TASK ITEM: Print the records exactly and in full, please; the pictures stay out.

======== EXERCISE INPUTS

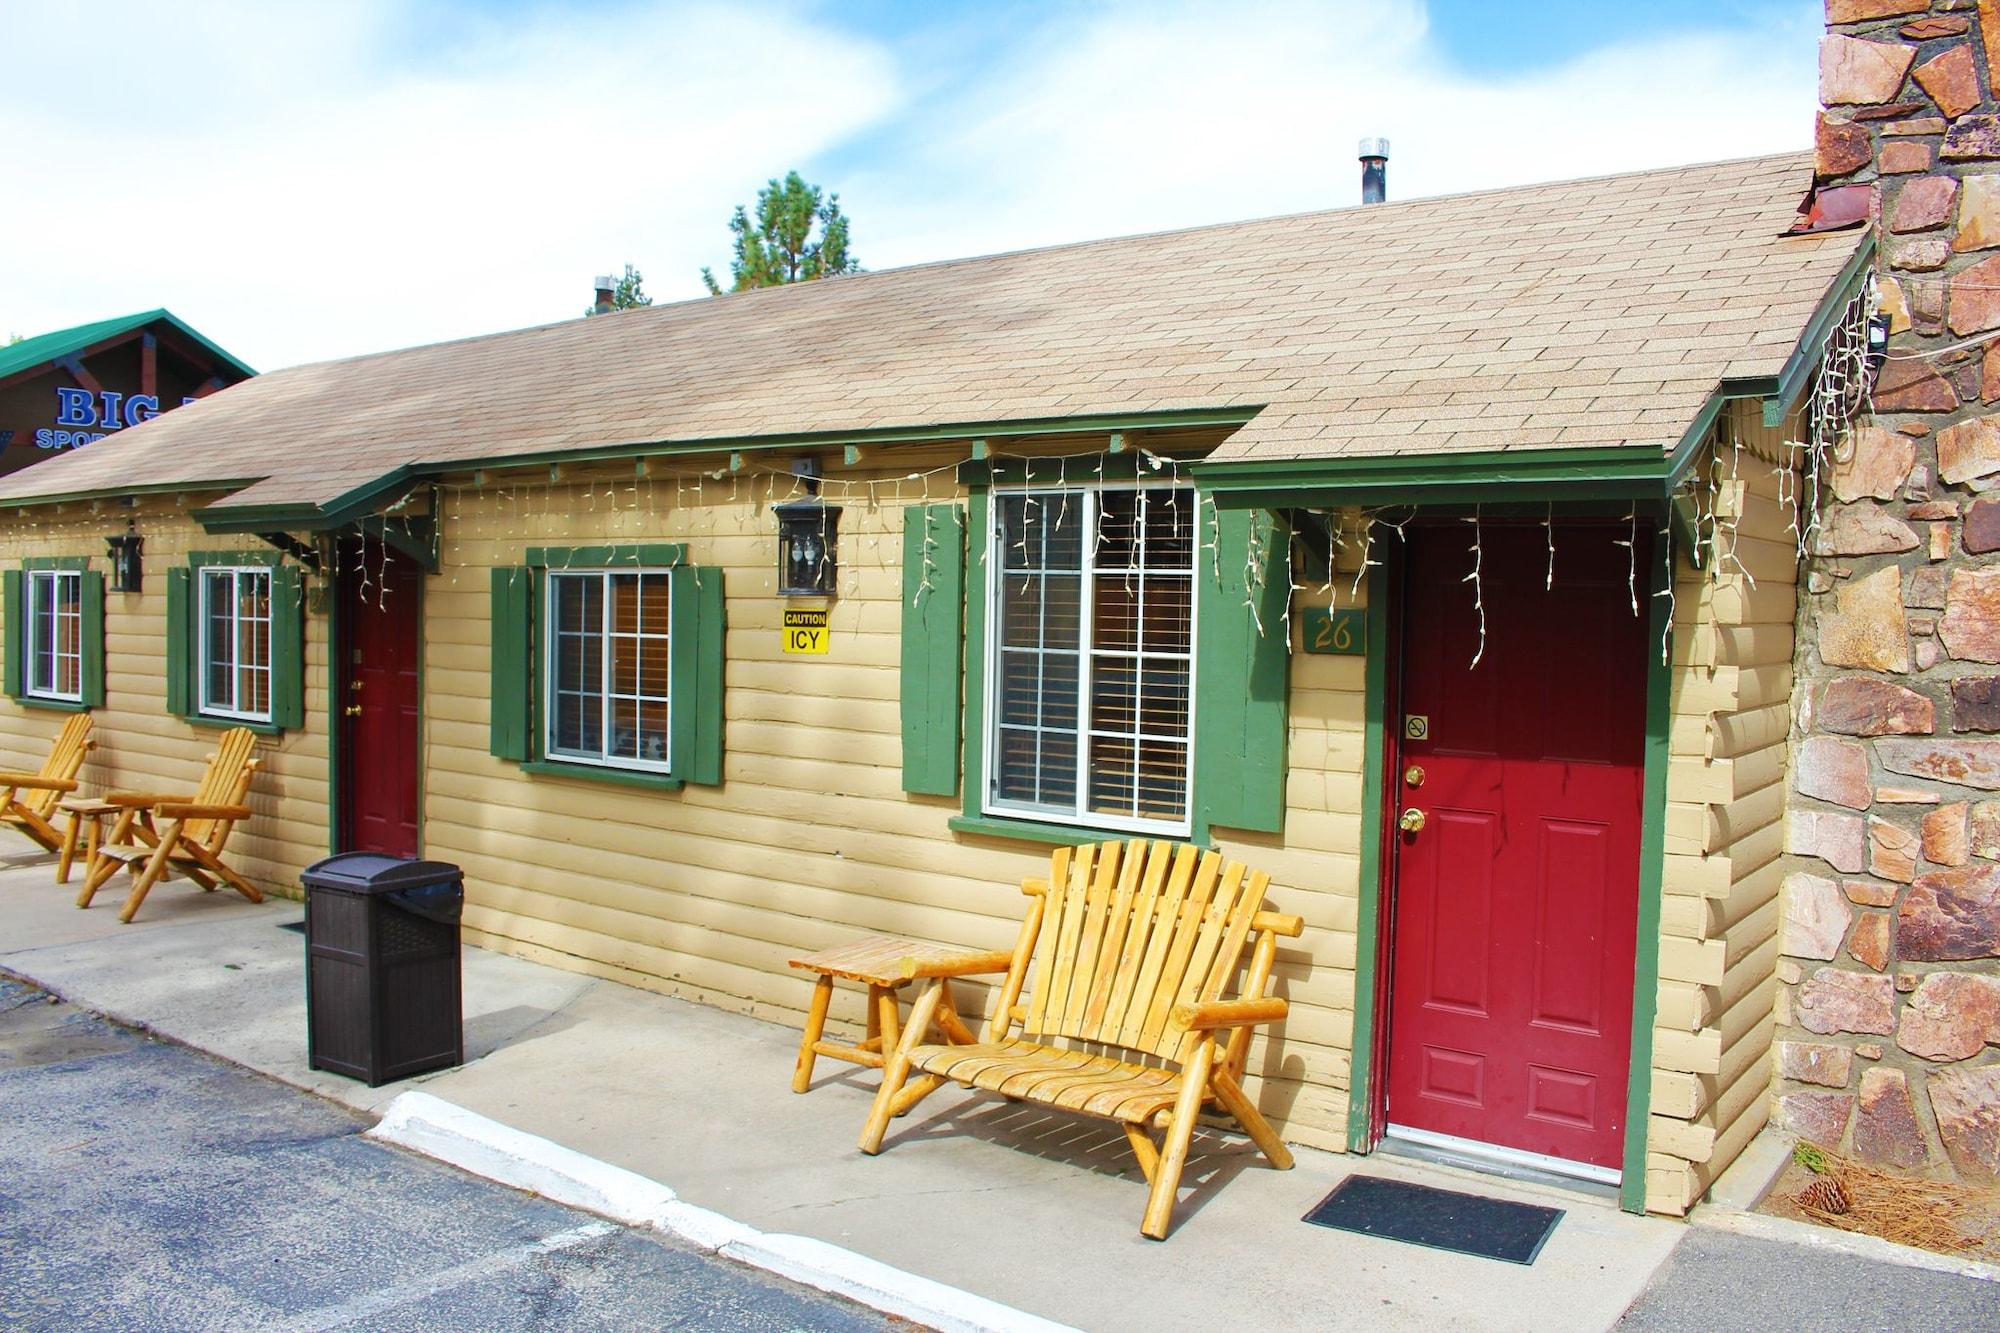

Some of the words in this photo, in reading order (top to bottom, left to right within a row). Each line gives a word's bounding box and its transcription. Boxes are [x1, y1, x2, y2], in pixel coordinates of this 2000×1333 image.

[57, 387, 161, 429] BIG
[785, 613, 826, 625] CAUTION
[1315, 615, 1352, 649] 26
[791, 630, 820, 649] ICY

================

WRITTEN SOLUTION:
Some of the words in this photo, in reading order (top to bottom, left to right within a row). Each line gives a word's bounding box and its transcription. Boxes are [x1, y1, x2, y2], in pixel coordinates of this 2000×1333 image.

[57, 387, 161, 429] BIG
[785, 613, 826, 625] CAUTION
[1315, 615, 1352, 649] 26
[791, 630, 820, 649] ICY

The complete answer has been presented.